The Spoken Word.

In spite of John being 26, in recent weeks he has been possessed by the spirit of a teenager and he has almost stopped talking altogether, preferring instead to grunt.
John’s verbal skills have always been a challenge to the uninitiated, the grunting is now making it impossible for even me to decipher what he wants. The one saving grace is that he grunts in syllables so it gives me a slim chance at guessing some words.
Our conversation last Saturday morning went some thing like this…..

” Johnny boy are you ready for your breakfast?”

“ungh”

“Hot or cold juice?”

“Ungh Ungh”

” erm is that hot?”

“Ungh”

“John! hot or cold?”

“Ungh Ungh”

“Oh for gods sake John just say hot or cold”

“ungh”

I gave up and went downstairs to make his breakfast. I decided on cold juice as it was a warm sunny morning. John refuses to eat anywhere but in the computer room and he bounces up and down on the wheelie chair as he excitedly anticipates his meals. We have to replace the chair every six months or so as it eventually ceases to spin and its back collapses and its arms fall off. I am much the same.

Breakfast is always met with much chortling and head slapping. He has mini Weetabix with chocolate chips, two rounds of buttered toast and a yoghurt. I hide his medication in his yoghurt with varying degrees of success. If he sees me doing it he won’t eat it. Over the years I have developed covert skills that would impress MI5.

Something else he has been doing more and more of lately, is insisting that I shut the door as soon as I enter a room, preferably with me on the other side of it. This as you can imagine is nigh on impossible, particularly if I am bringing him his meals.
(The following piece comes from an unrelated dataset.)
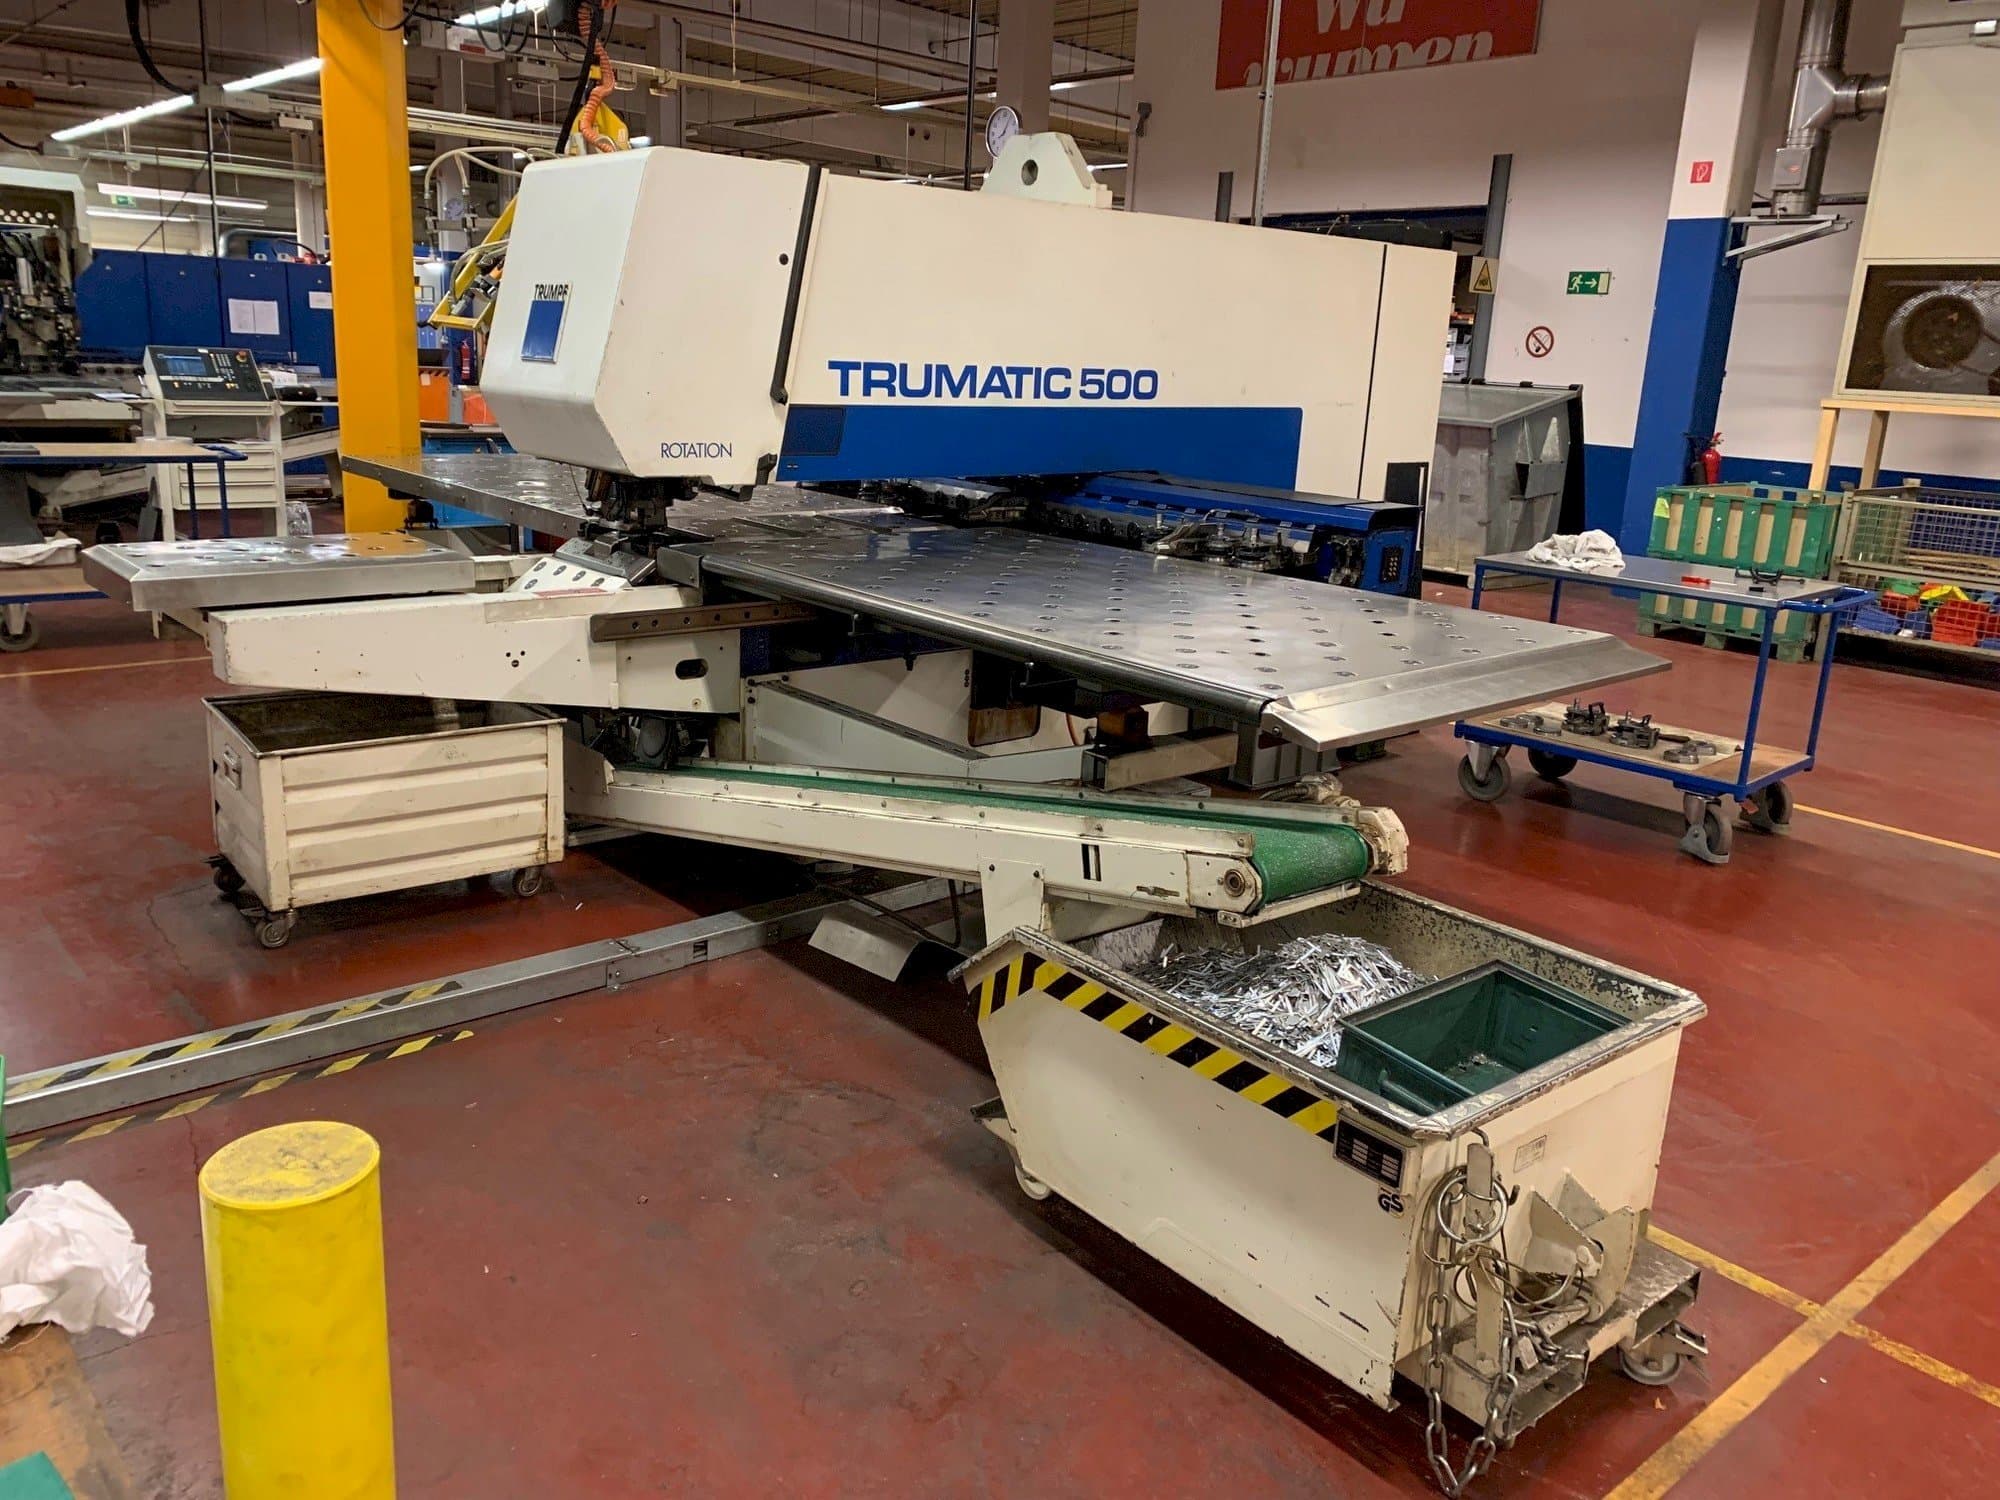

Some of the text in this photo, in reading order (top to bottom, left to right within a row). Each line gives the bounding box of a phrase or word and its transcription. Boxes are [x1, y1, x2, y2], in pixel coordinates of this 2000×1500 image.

[534, 284, 569, 300] TRUMPF
[828, 360, 1159, 400] TRUMATIC 500
[660, 442, 732, 458] ROTATION
[1378, 1193, 1404, 1213] GS
Like Carson the butler I used to take John’s breakfast up to him on a tray, impart the days news and back out of the door with elegance and grace.
Now however I have to get in, put the tray down and get out again in less time than it takes for John to shout “Door” at the top of his voice, or “Ungh” if he is being a teenager. If I am not quick enough he tries to slam the door with me half in and half out of the room. Saturday was no exception.

I opened the door. “Ungh” shouted the teenager “Ungh”
In my panic to get the tray down and out of the room I caught the sleeve of my dressing gown on the door handle and threw the tray at the wall. Weetabix, buttered toast, the yoghurt with hidden meds and a cold juice all made pretty patterns as they slithered and dripped their way onto the carpet.

“Ungh” said the teenager as I gathered the smashed bowl and plate up and scraped yoghurt and butter up as best I could.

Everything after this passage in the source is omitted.